EXERCISE MATERIAL =>
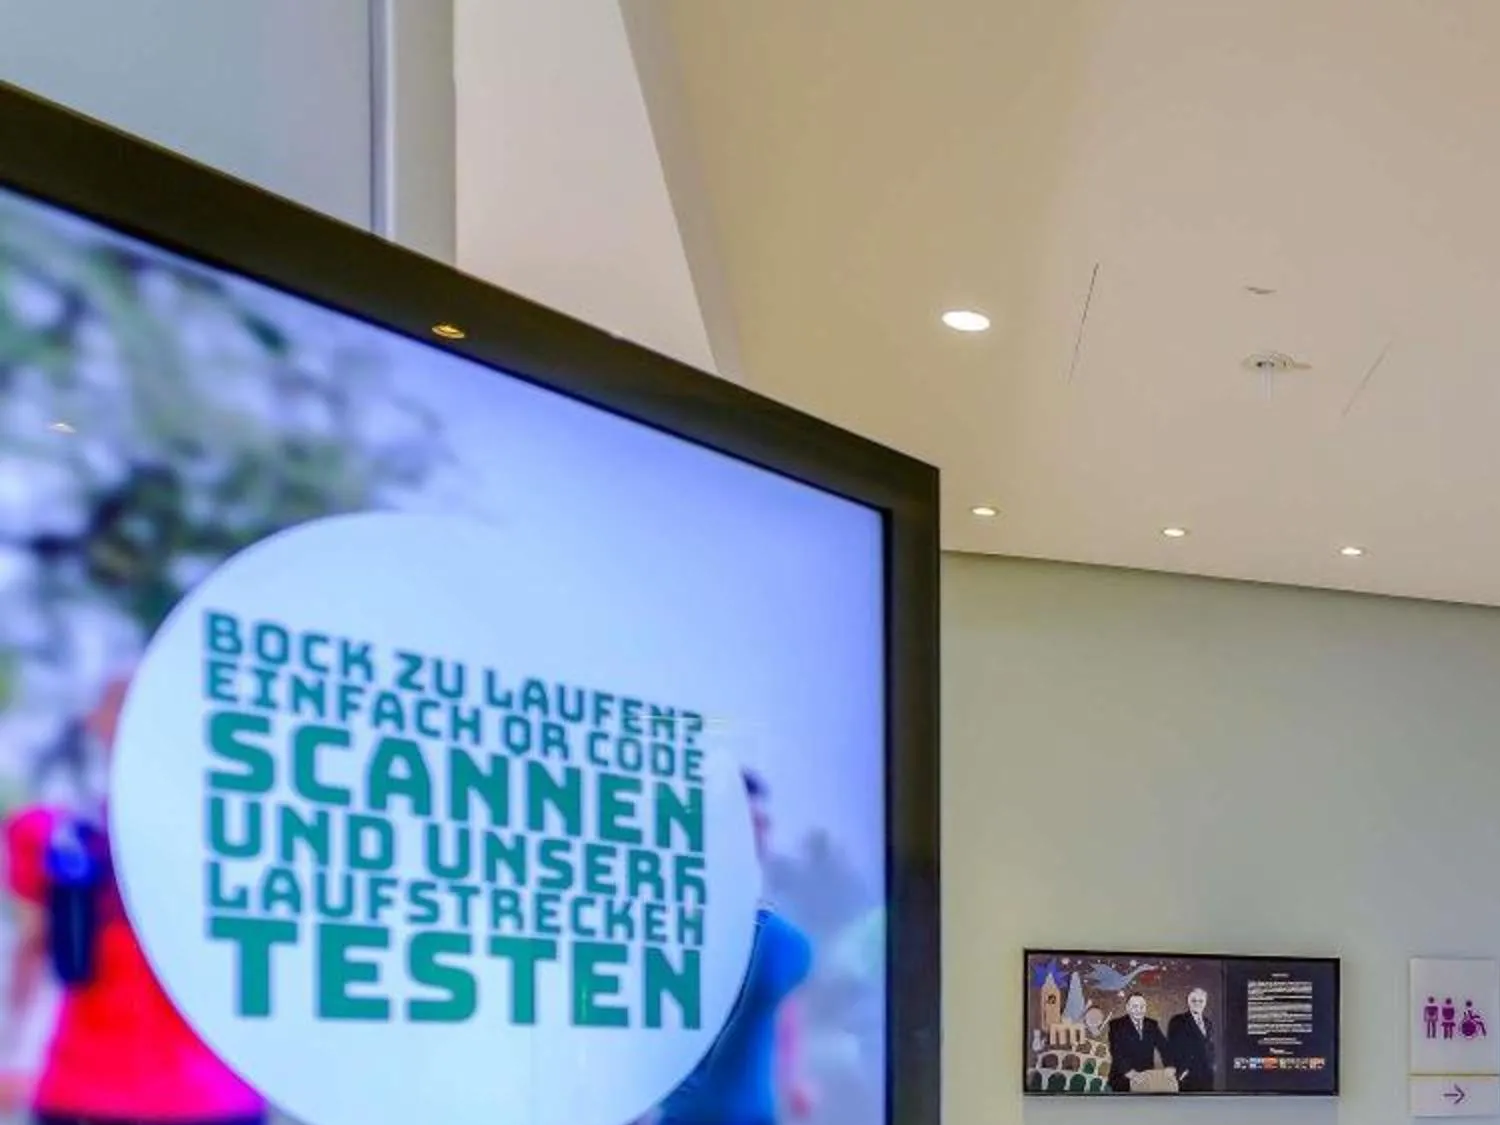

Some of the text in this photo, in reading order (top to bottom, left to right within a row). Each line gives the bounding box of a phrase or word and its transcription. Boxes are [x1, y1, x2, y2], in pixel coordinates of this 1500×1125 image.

[206, 611, 703, 743] BOCK ZU LAUFEN?
[206, 659, 703, 782] EINFACH QR CODE
[206, 710, 704, 853] SCANNEN
[209, 796, 395, 871] UND
[208, 915, 702, 1030] TESTEN
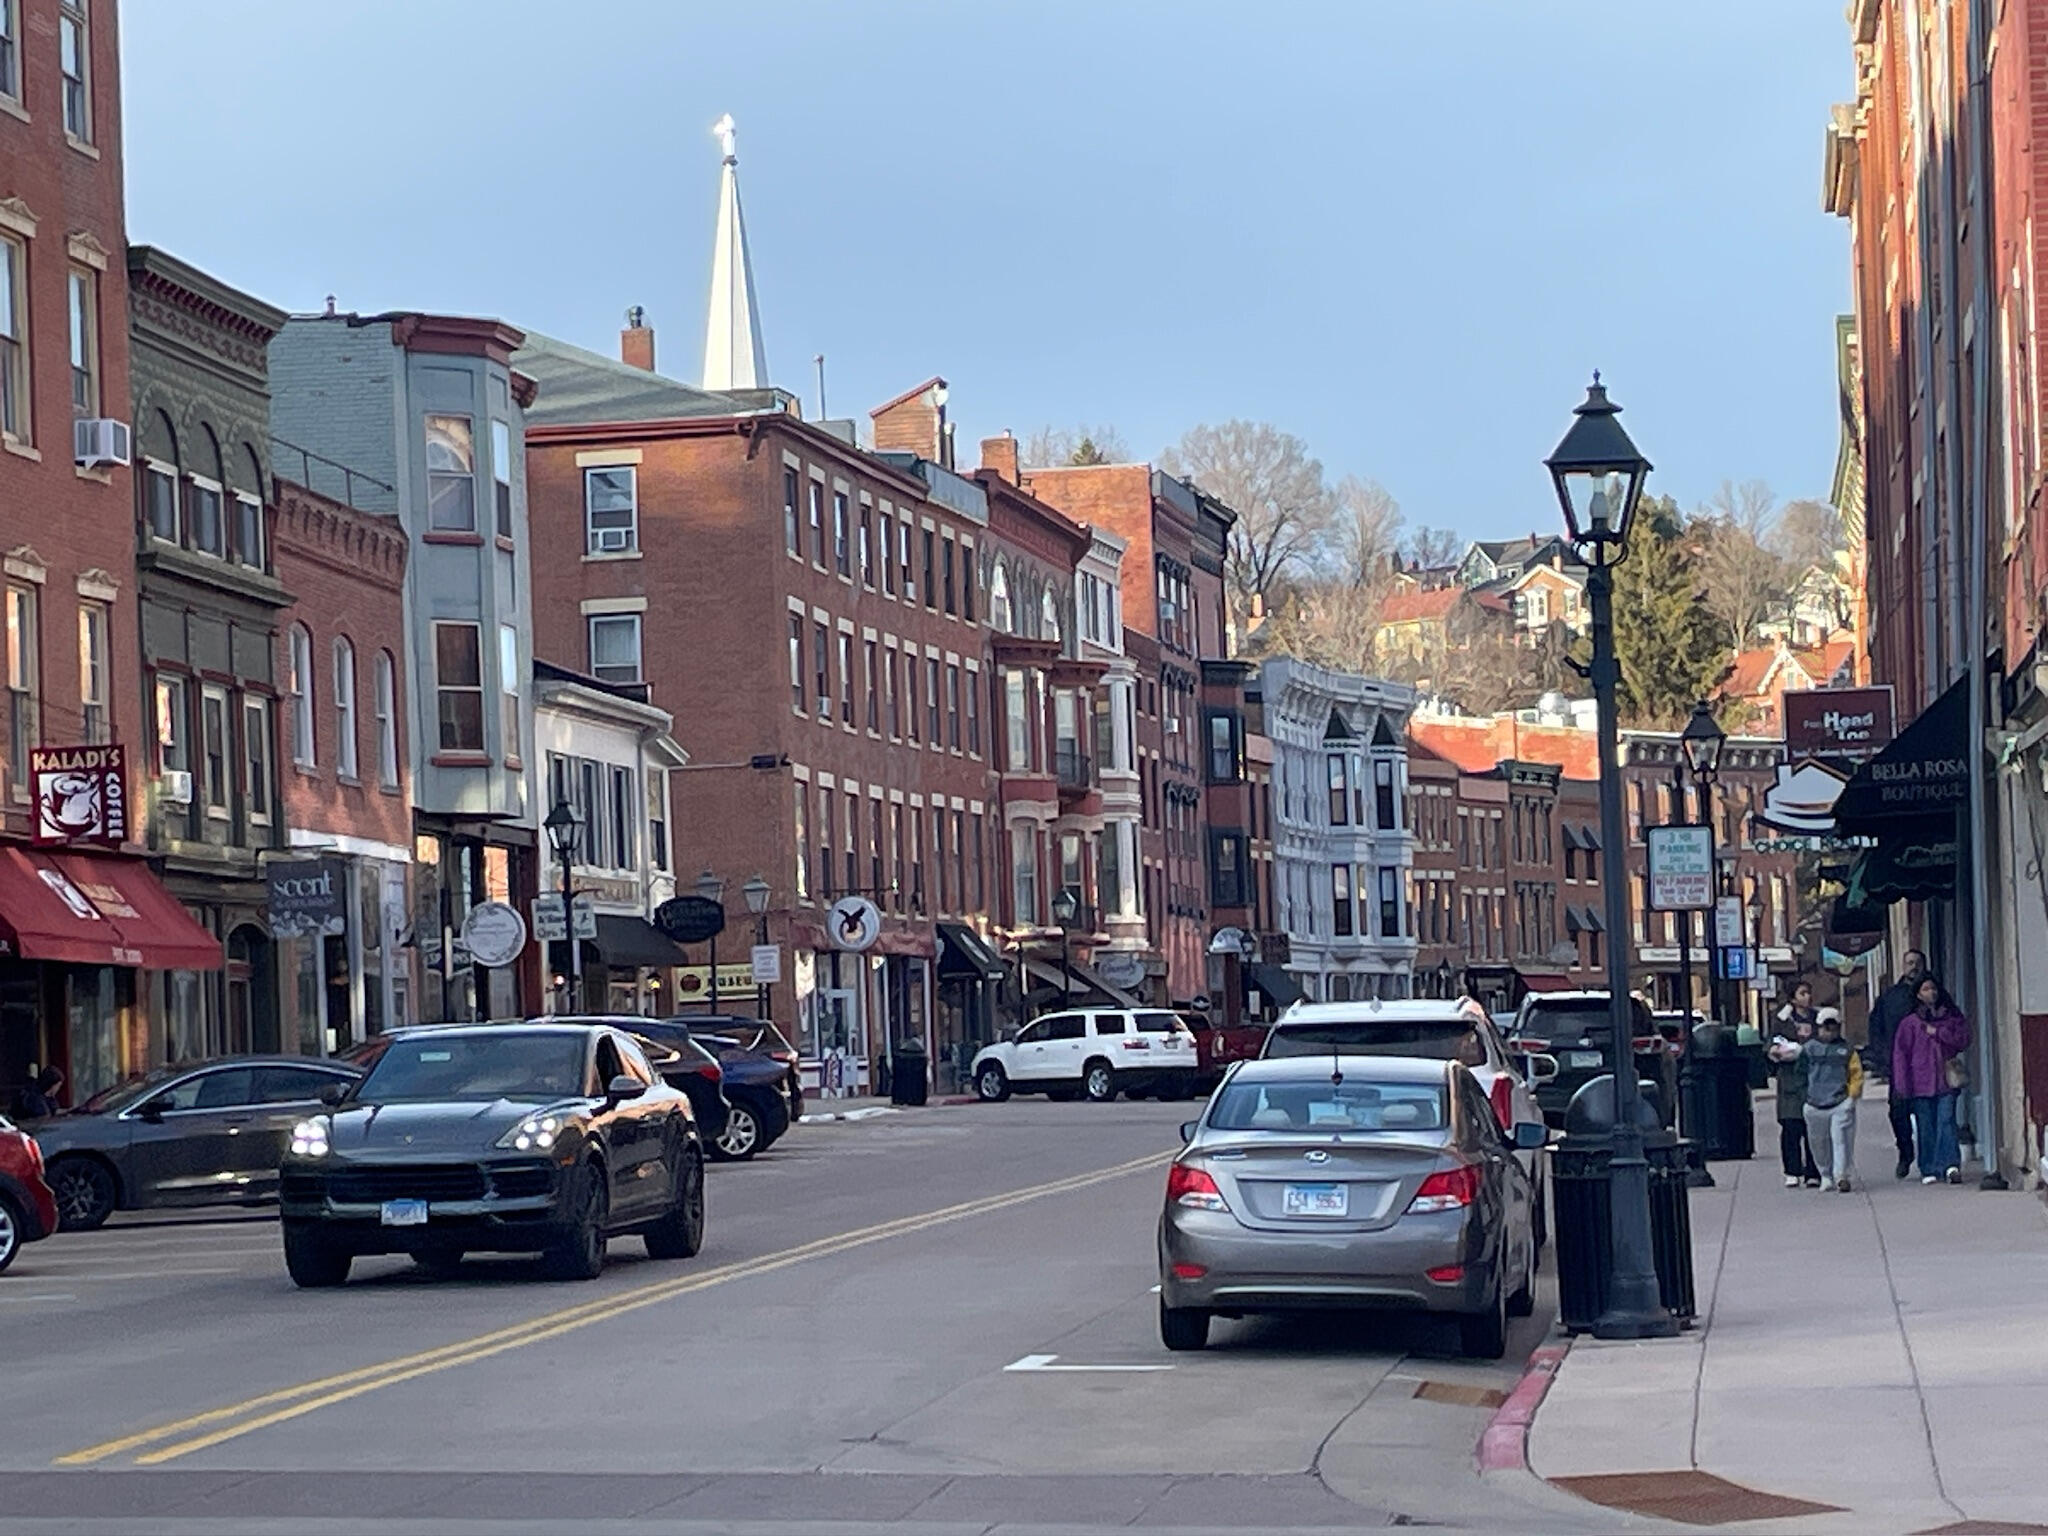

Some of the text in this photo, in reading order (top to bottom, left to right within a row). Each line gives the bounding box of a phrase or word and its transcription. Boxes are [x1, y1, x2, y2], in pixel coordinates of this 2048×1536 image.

[33, 748, 120, 771] KALADI'S
[1872, 758, 1968, 780] BELLA ROSA
[105, 772, 124, 839] COFFEE

BRIEF =>
This exercise calls for a verbatim output of the entries, pictures omitted.

WORKED SOLUTION =>
Some of the text in this photo, in reading order (top to bottom, left to right within a row). Each line gives the bounding box of a phrase or word and its transcription. Boxes are [x1, y1, x2, y2], in pixel coordinates of this 1500×1125 image.

[206, 611, 703, 743] BOCK ZU LAUFEN?
[206, 659, 703, 782] EINFACH QR CODE
[206, 710, 704, 853] SCANNEN
[209, 796, 395, 871] UND
[208, 915, 702, 1030] TESTEN

Some of the text in this photo, in reading order (top to bottom, left to right within a row). Each line gives the bounding box of a phrase or word and its transcription. Boxes are [x1, y1, x2, y2], in pixel coordinates of this 2048×1536 image.

[33, 748, 120, 771] KALADI'S
[1872, 758, 1968, 780] BELLA ROSA
[105, 772, 124, 839] COFFEE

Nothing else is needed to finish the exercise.